At this time it could unblock the hanged copy operation with the Win32 Exception dialog after ~2-4 mins of waiting (update: the dialog does appear only if the Remove button been pressed in the UI beside the dotnet.exe process termination):

Error when dismounting virtual disk.

The system cannot find the file specified. (2)

Do you want to forcefully remove the virtual disk device instead?

I don't know, but I've issued the mountvol <mounted-drive> /d and have terminated dotnet.exe process and that may be somehow got loose the hang.

Or is that connected to the CLR and .NET?

.NET runtime installer: windowsdesktop-runtime-6.0.10-win-x64.exe

@andry81
Copy link
Author

andry81 commented Nov 17, 2022

I've minimized the reproduction steps and just copy now 40GB single file. It got stuck on ~10GB get copied. I think this somehow related to the physical memory size which in mine case is 64GB.

The .vdi file can be created through the Arsenal Image Mounter UI as is.

Then updated .NET Desktop runtime up to 6.0.11. Reproduced the issue.

Then I've made w:\1.vdi to mount and w:\2.vdi to copy into first one. I have used Windows Explorer to copy. It got stuck at very end. Created the minidump from the Process Hacker.

dotnet.exe.zip

@andry81
Copy link
Author

andry81 commented Nov 17, 2022

I've updated .NET Desktop runtime up to 7.0.0. The case with the w:\1.vdi file is not reproduced. But the initial SSD copy operation still does reproduce.

Then I downgraded to .NET Desktop runtime 5.0.17. Run Arsenal Image Mounter v3.6.188 and got the same bug as for the ImDisk without ability to revive the system. The stack trace was looking the same with the WriteFile in the middle.

@LTRData
Copy link
Owner

LTRData commented Nov 17, 2022

Thanks for your report.

I'll do some tests soon and see what I can reproduce here.

Could this possibly be related to cache of some kind? If you look at Task Manager, memory tab, while this happens, do you notice a huge increase of used memory that slowly drops down to normal levels again during the period where the drive appears hung? Do you notice any differences when the target image file is stored in different locations such as on system volume, external disks, network shares etc?

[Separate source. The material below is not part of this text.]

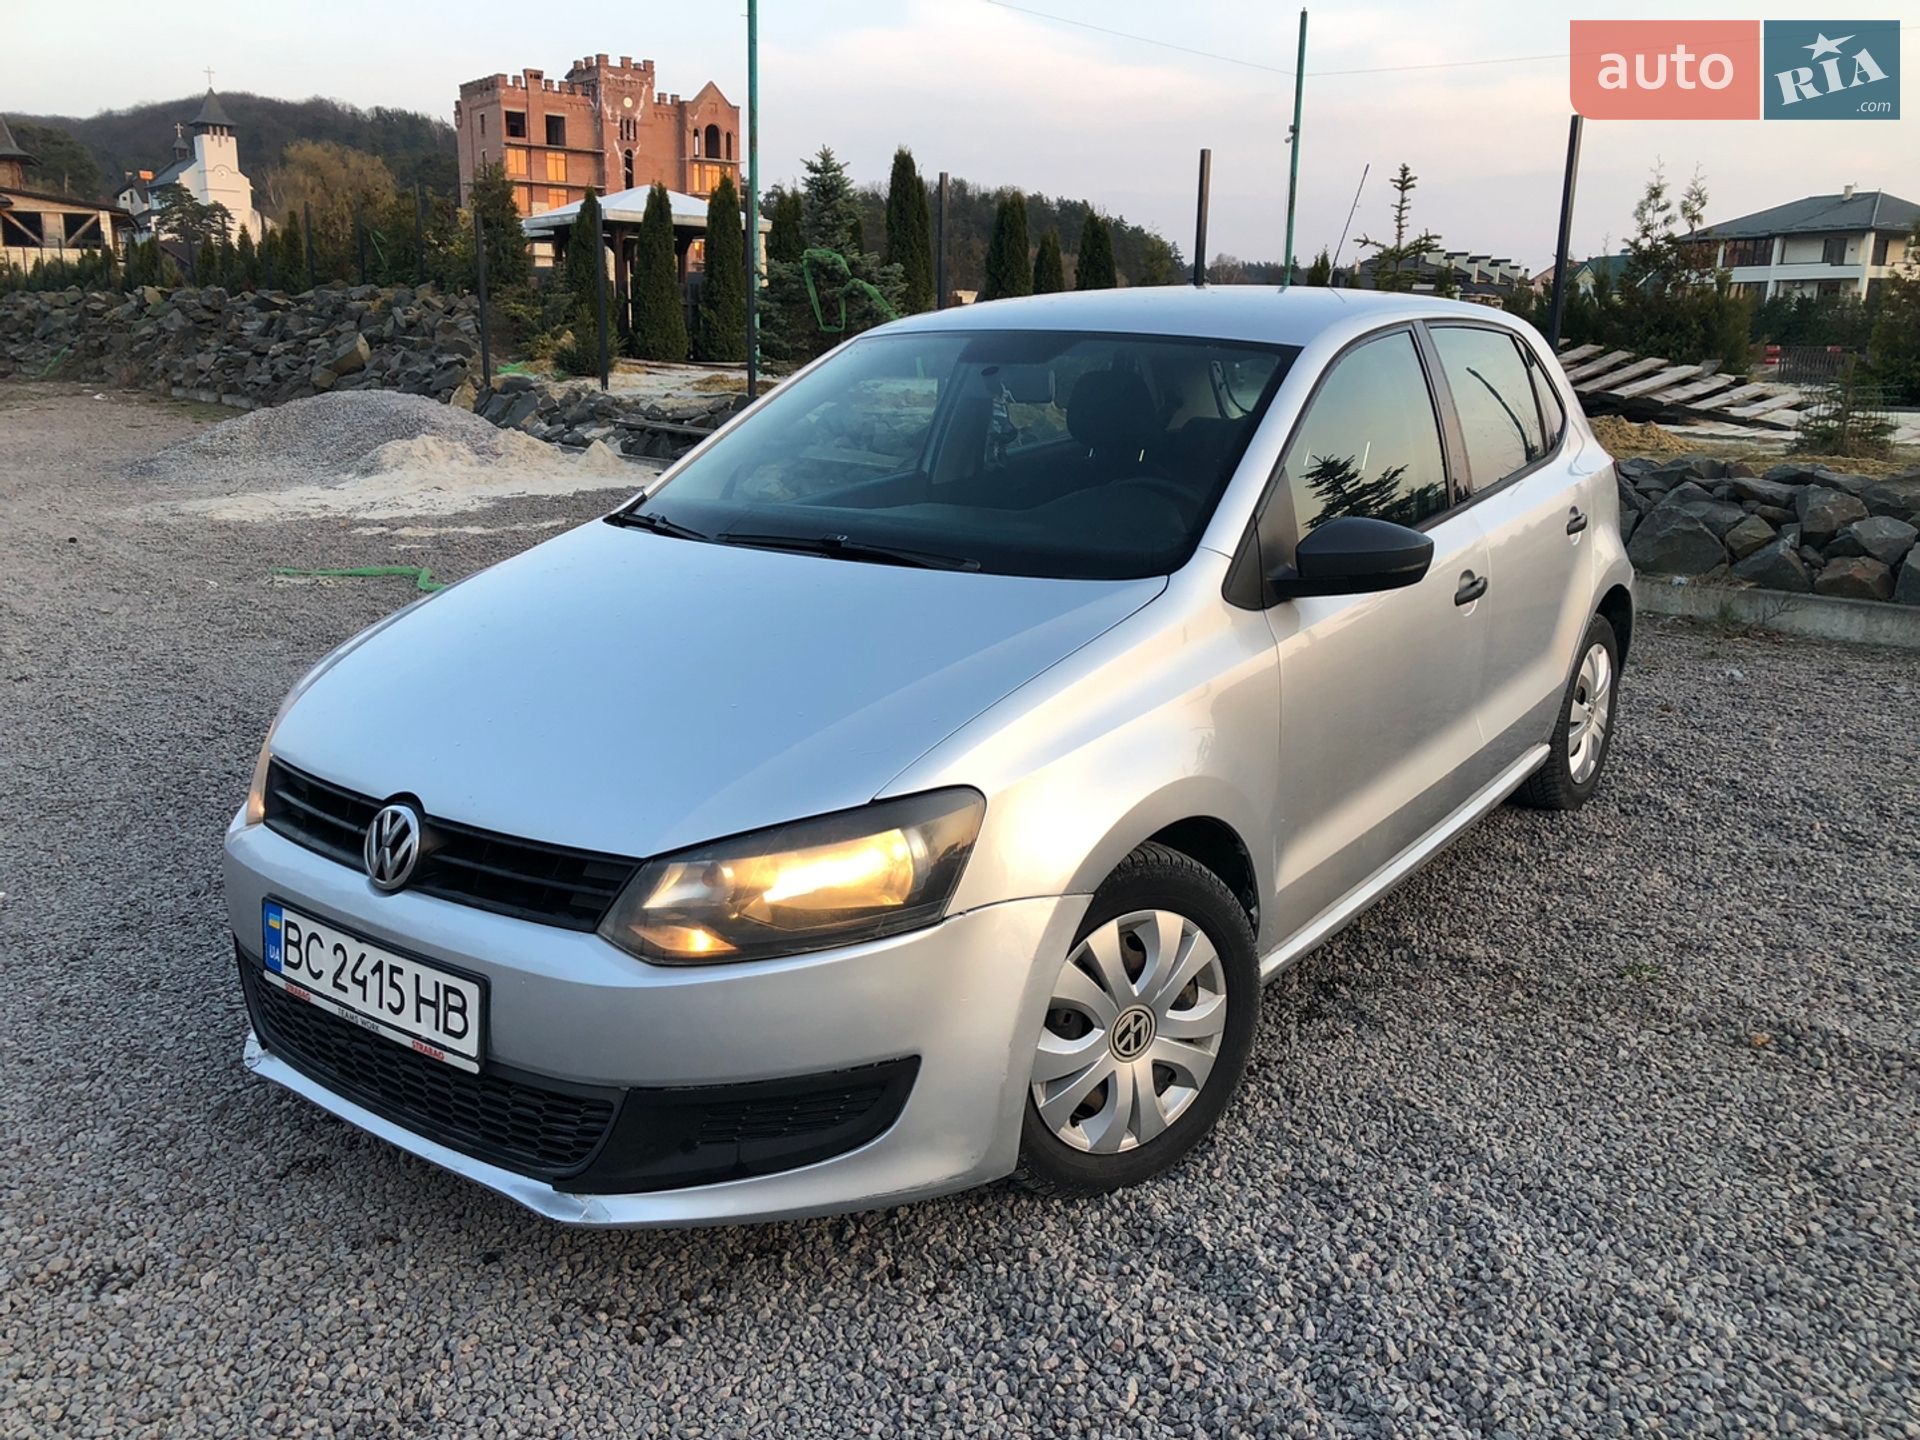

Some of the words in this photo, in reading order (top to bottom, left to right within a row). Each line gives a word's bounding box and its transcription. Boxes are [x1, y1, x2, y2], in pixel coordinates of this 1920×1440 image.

If you want to forcefully remove an Arsenal Image Mounter mounted disk, the best option is usually to use aim_ll.exe tool:
aim_ll -d (to remove all mounted disks) or aim_ll -d -m D: (to remove disk mounted to drive letter D:) or aim_ll -d -u 000100 (to remove disk with a specified device number in Arsenal Image Mounter driver). You can use aim_ll -l to list all mounted disks.
https://github.com/ArsenalRecon/Arsenal-Image-Mounter/tree/master/Command%20line%20applications

If you kill the dotnet.exe process that mounted the disk, the disk will hang and all I/O to it will eventually timeout. The only way to remove it is then usually to use aim_ll -d.

@andry81
Copy link
Author

andry81 commented Nov 17, 2022

Could this possibly be related to cache of some kind? If you look at Task Manager, memory tab, while this happens, do you notice a huge increase of used memory that slowly drops down to normal levels again during the period where the drive appears hung?

No. Memory hasn't any noticeable consumption.

Do you notice any differences when the target image file is stored in different locations such as on system volume, external disks, network shares etc?

I didn't notice the difference. But I've only tested it for 2 volumes from HDD and SSD.

If you want to forcefully remove an Arsenal Image Mounter mounted disk, the best option is usually to use aim_ll.exe tool:
aim_ll -d (to remove all mounted disks) or aim_ll -d -m D: (to remove disk mounted to drive letter D:) or aim_ll -d -u 000100 (to remove disk with a specified device number in Arsenal Image Mounter driver). You can use aim_ll -l to list all mounted disks.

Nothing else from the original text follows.